• [Data provided]:
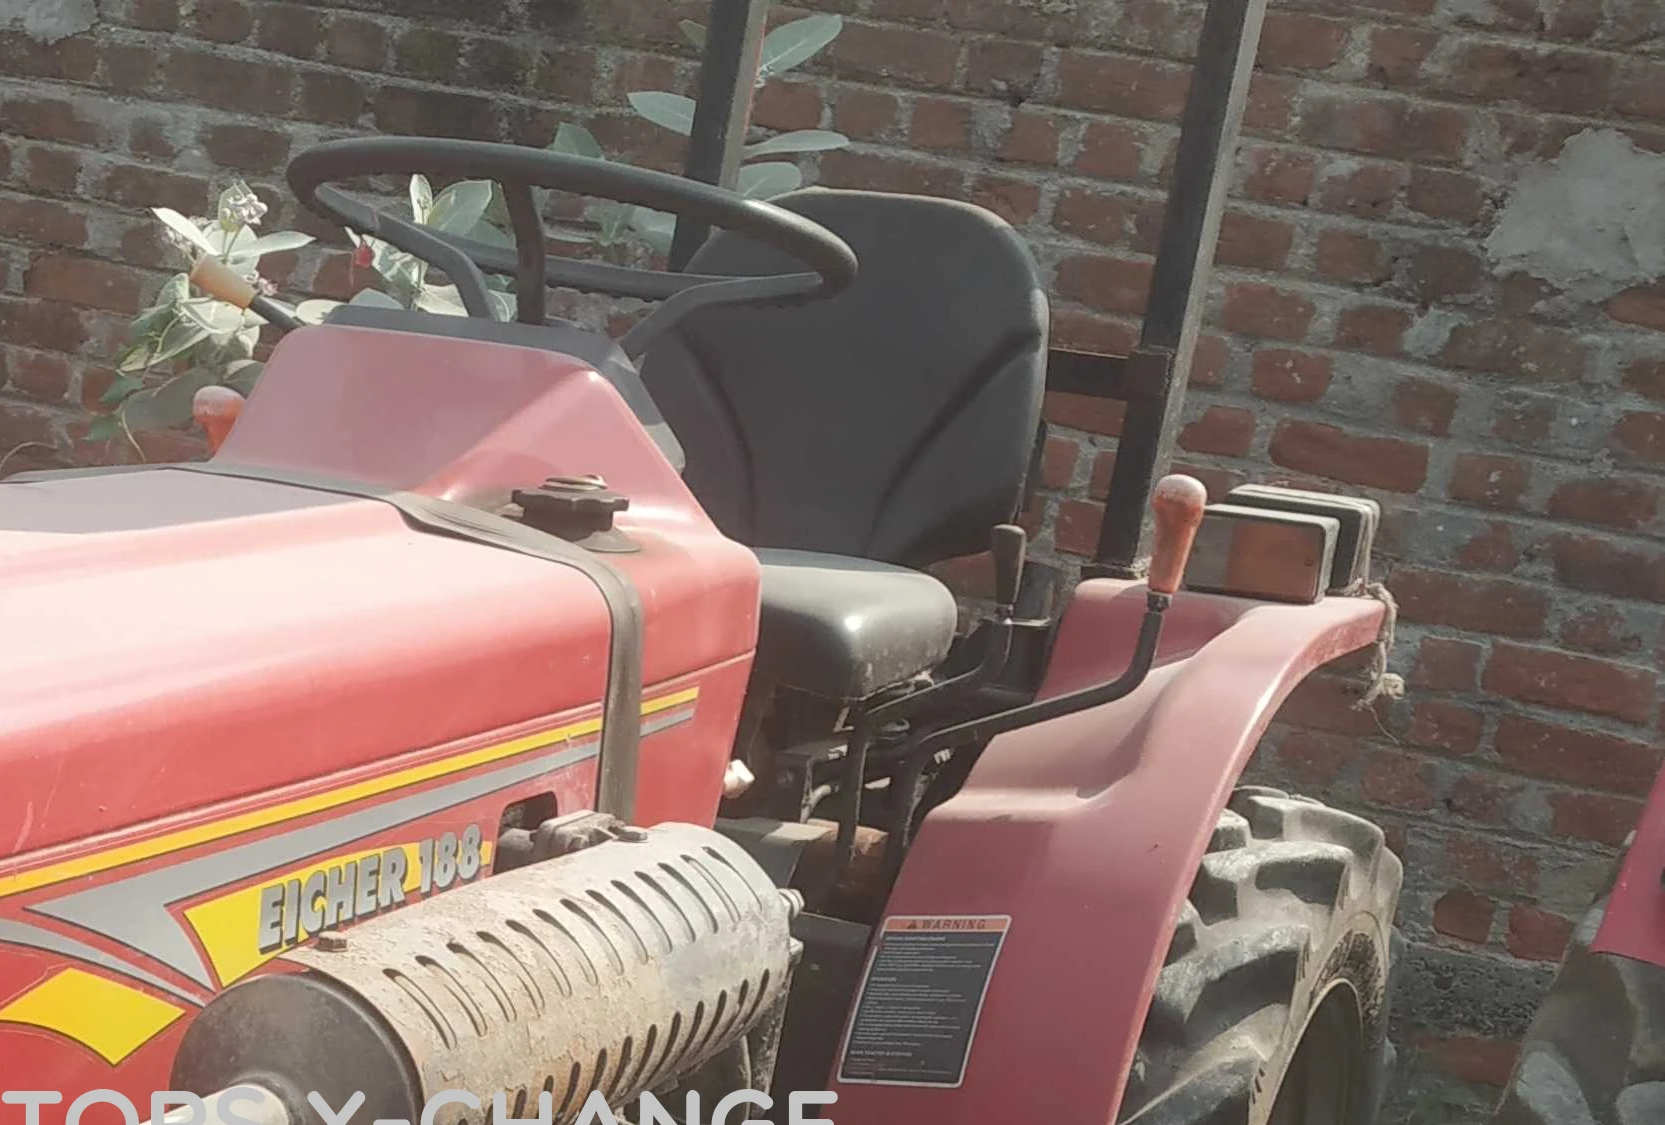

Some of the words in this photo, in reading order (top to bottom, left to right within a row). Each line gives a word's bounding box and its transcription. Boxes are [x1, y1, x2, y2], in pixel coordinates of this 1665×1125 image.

[259, 847, 408, 954] EICHER
[419, 824, 483, 896] 188
[921, 918, 987, 931] WARNING
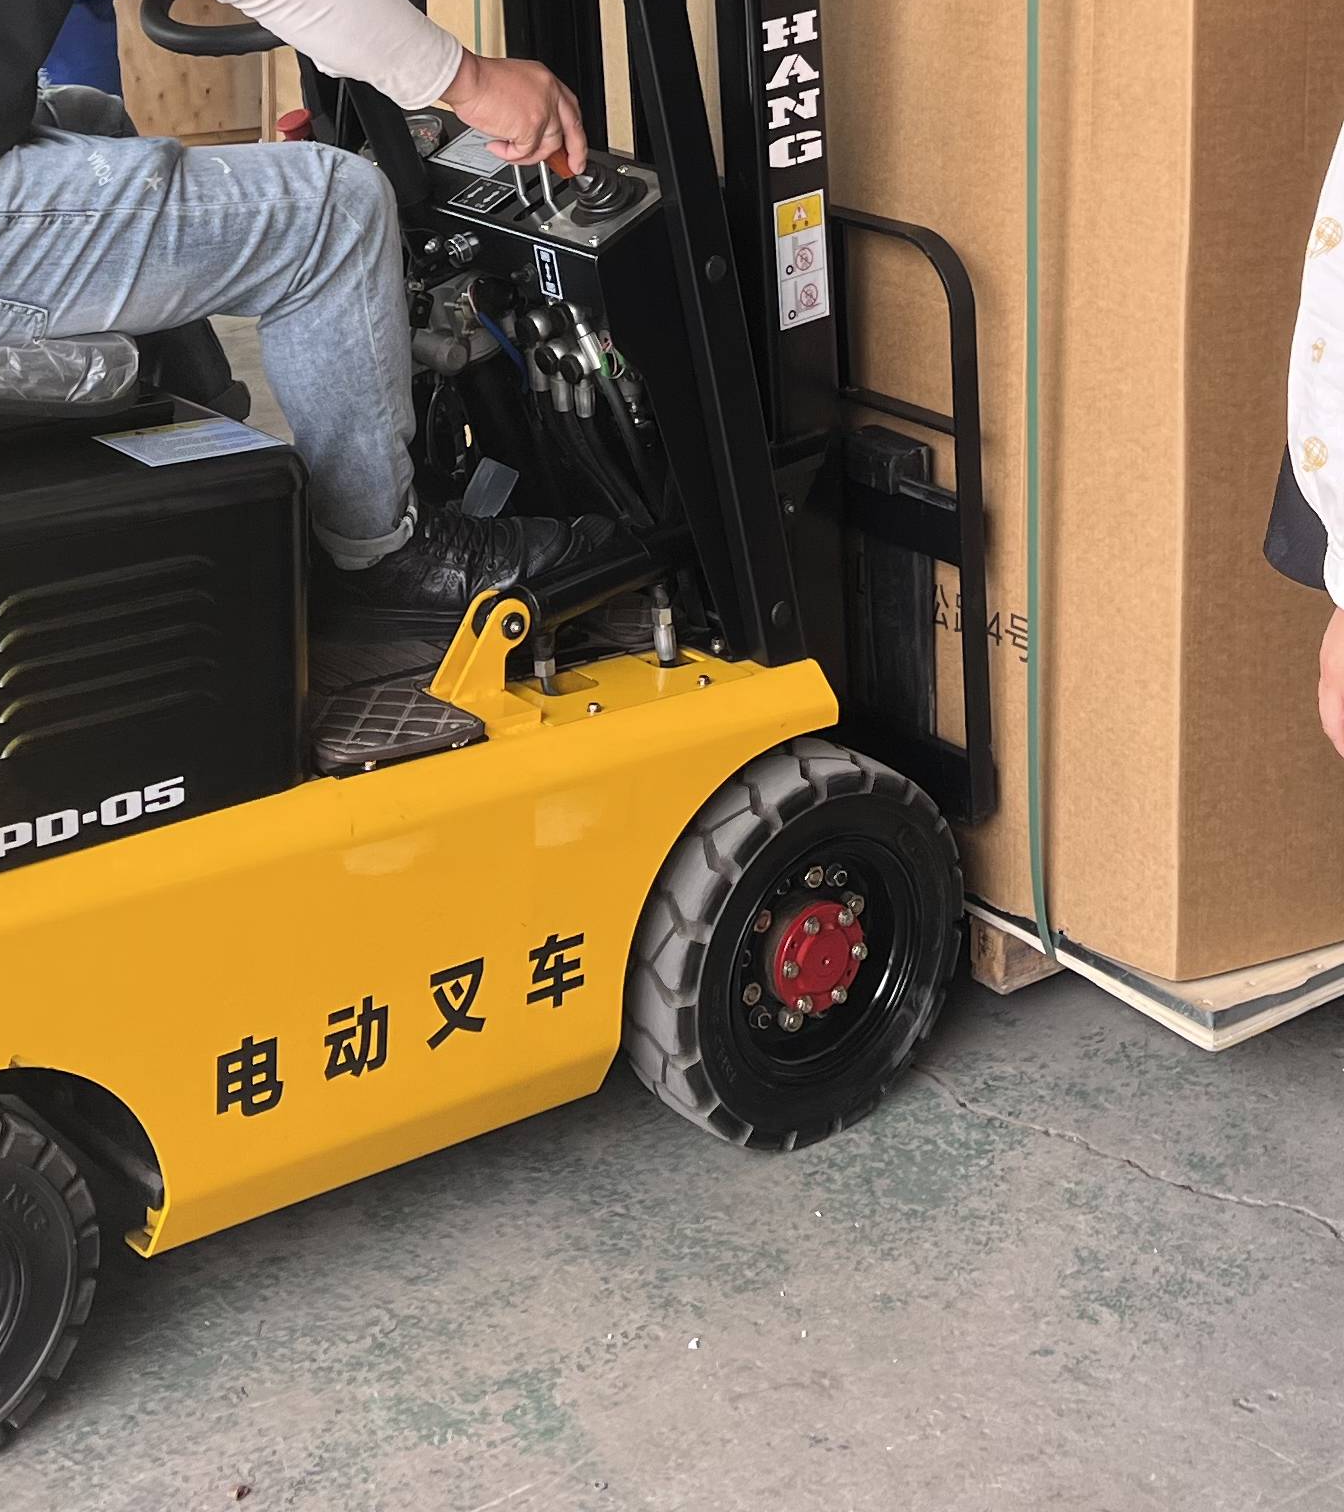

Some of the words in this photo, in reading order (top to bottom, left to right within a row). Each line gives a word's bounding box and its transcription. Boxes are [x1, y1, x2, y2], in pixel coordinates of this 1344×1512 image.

[762, 9, 824, 169] HANG
[215, 931, 586, 1119] 电动叉车
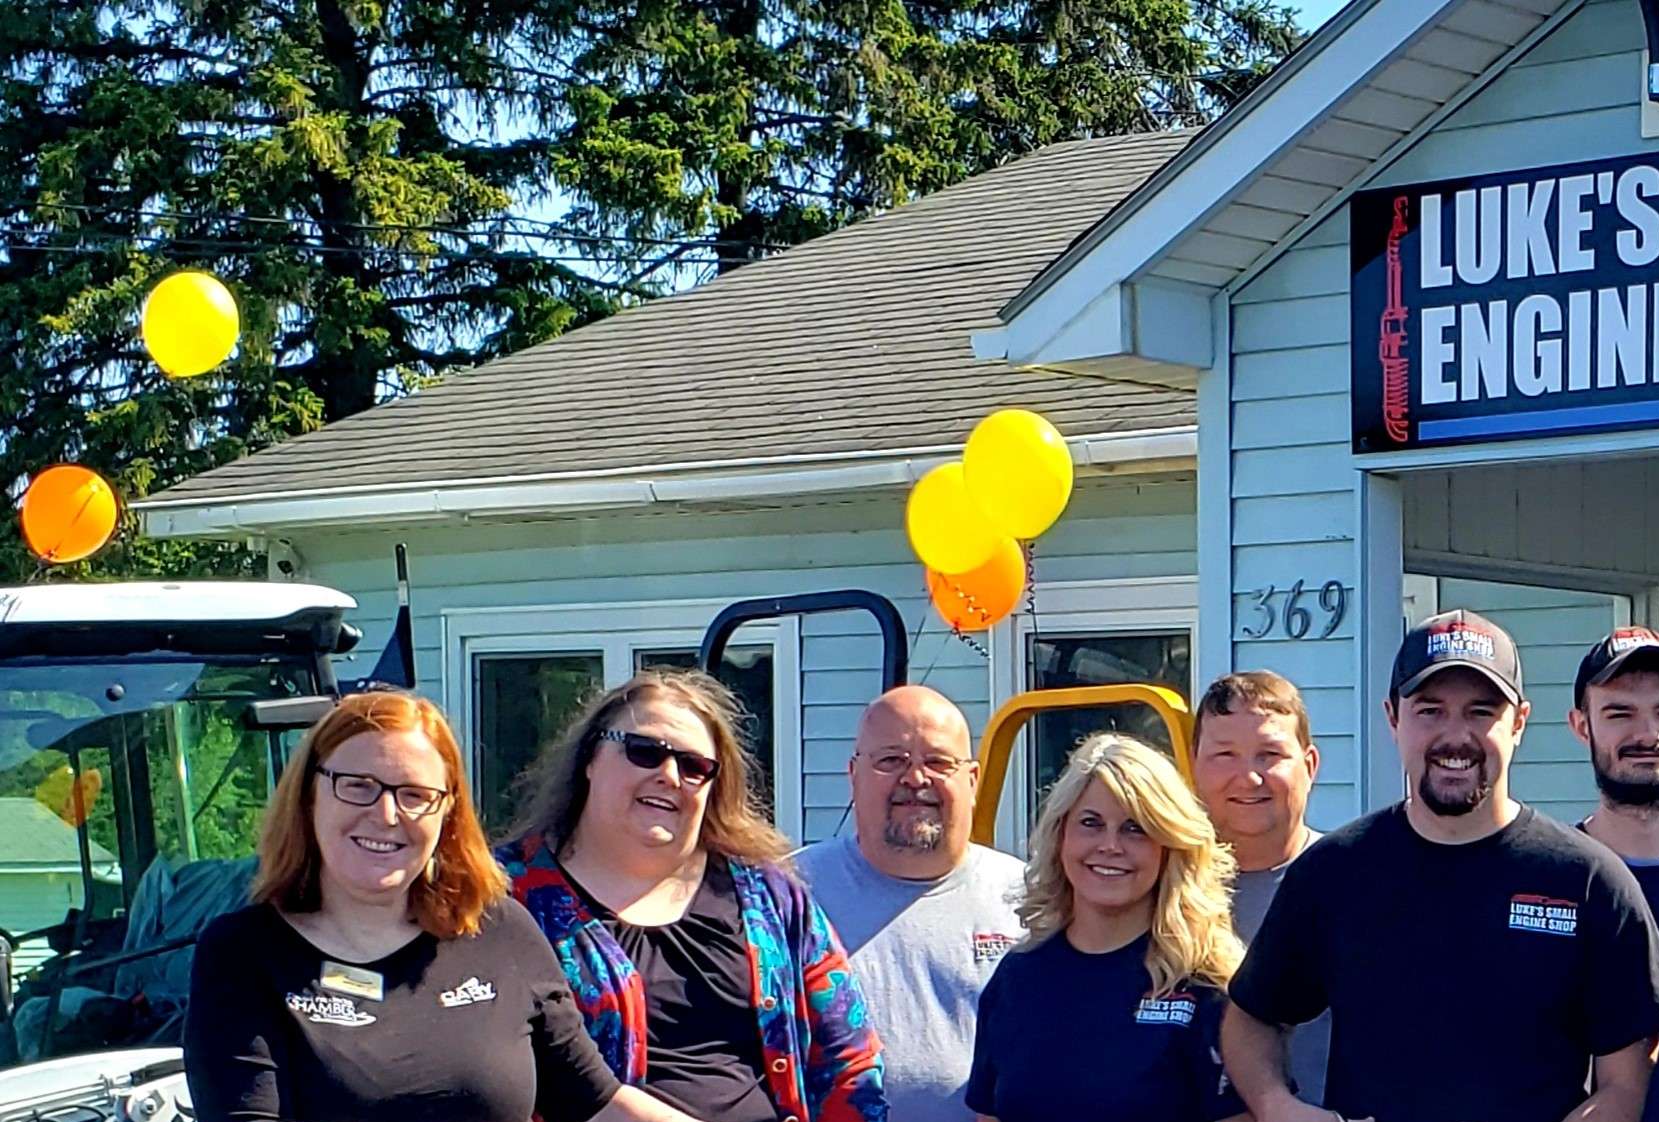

• [Problem]:
Transcribe each of the records above precisely, with no pictures in the copy.

• [Answer to this task]:
Some of the words in this photo, in reading order (top to bottom, left to right within a row). Each line gives a word's bounding box and its transcription. Boxes are [x1, y1, x2, y2], in pixel coordinates of this 1665×1125 image.

[259, 847, 408, 954] EICHER
[419, 824, 483, 896] 188
[921, 918, 987, 931] WARNING

Some of the words in this photo, in reading order (top to bottom, left to right within a row). Each line gives a word's bounding box and its transcription. Boxes are [x1, y1, x2, y2], in pixel coordinates of this 1344×1512 image.

[762, 9, 824, 169] HANG
[215, 931, 586, 1119] 电动叉车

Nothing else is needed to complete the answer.